[Saved data entries]
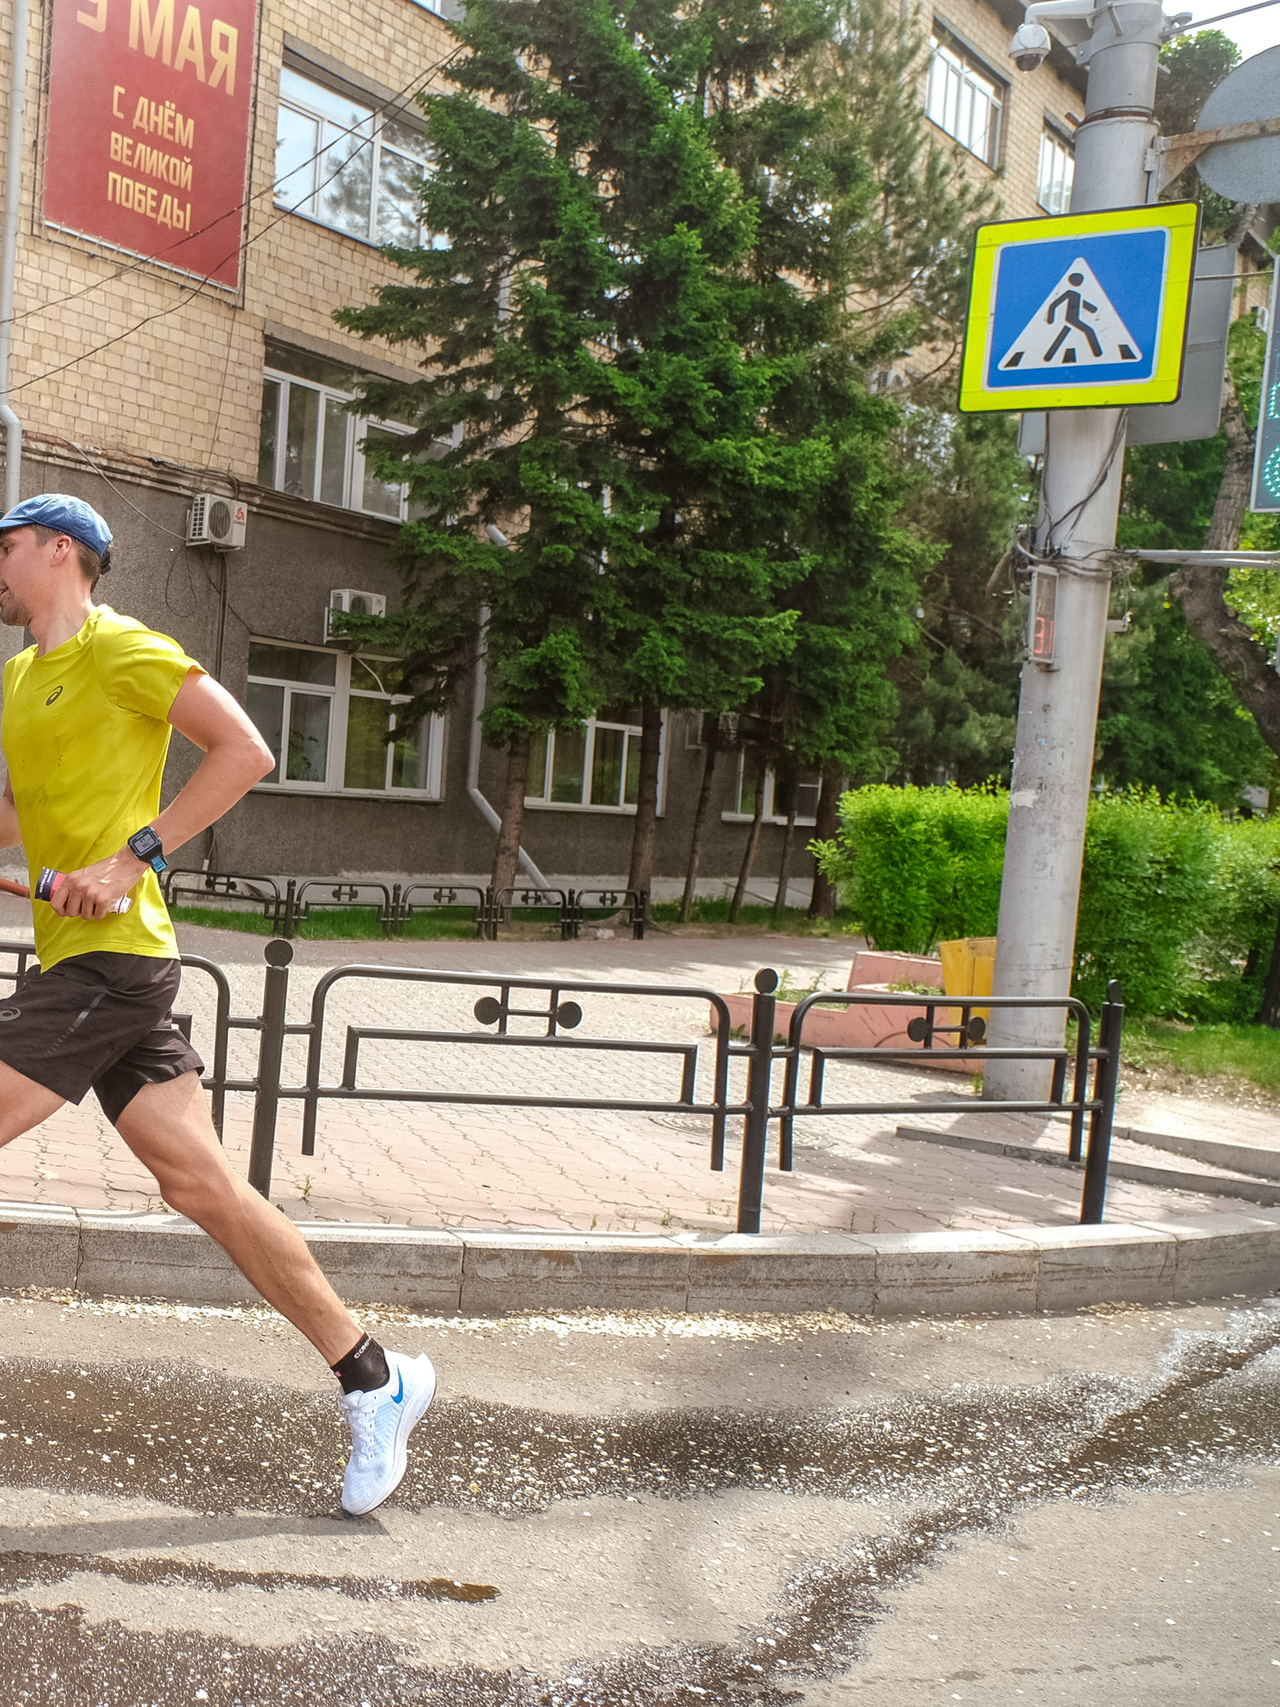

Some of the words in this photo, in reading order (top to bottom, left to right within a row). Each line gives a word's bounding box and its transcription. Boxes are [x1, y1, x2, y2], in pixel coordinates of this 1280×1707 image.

[128, 0, 238, 96] МАЯ
[112, 85, 125, 119] С
[132, 97, 195, 149] ДНЁМ
[110, 131, 193, 191] ВЕЛИКОЙ
[107, 171, 191, 232] ПОБЕДЫ
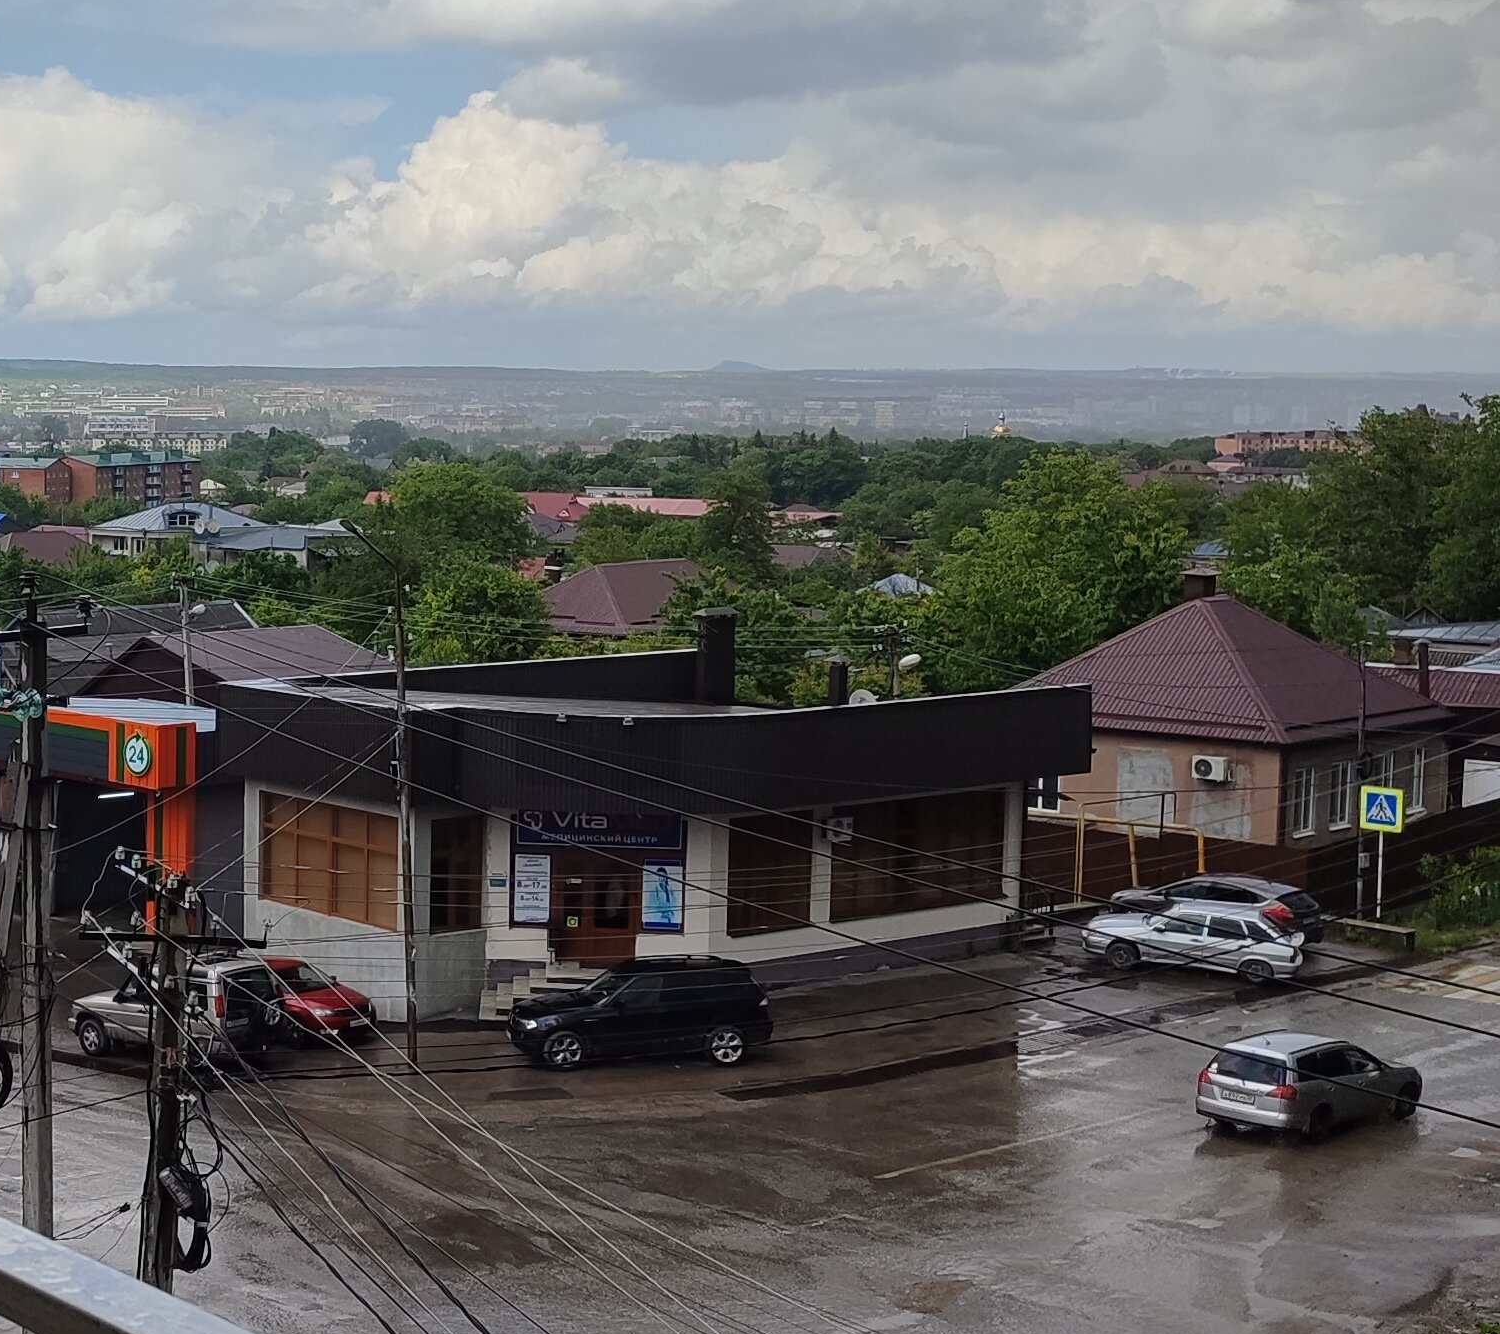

■ WHAT THIS TASK INVOLVES:
Return each entry exactly as it stands above, apart from any images.

■ EXERCISE OUTPUT:
Some of the words in this photo, in reading order (top to bottom, left to right within a row). Each line gives a word's bounding box and its transcription. Boxes are [x1, y1, x2, y2], in pixel coordinates of this 1280×1707 image.

[128, 0, 238, 96] МАЯ
[112, 85, 125, 119] С
[132, 97, 195, 149] ДНЁМ
[110, 131, 193, 191] ВЕЛИКОЙ
[107, 171, 191, 232] ПОБЕДЫ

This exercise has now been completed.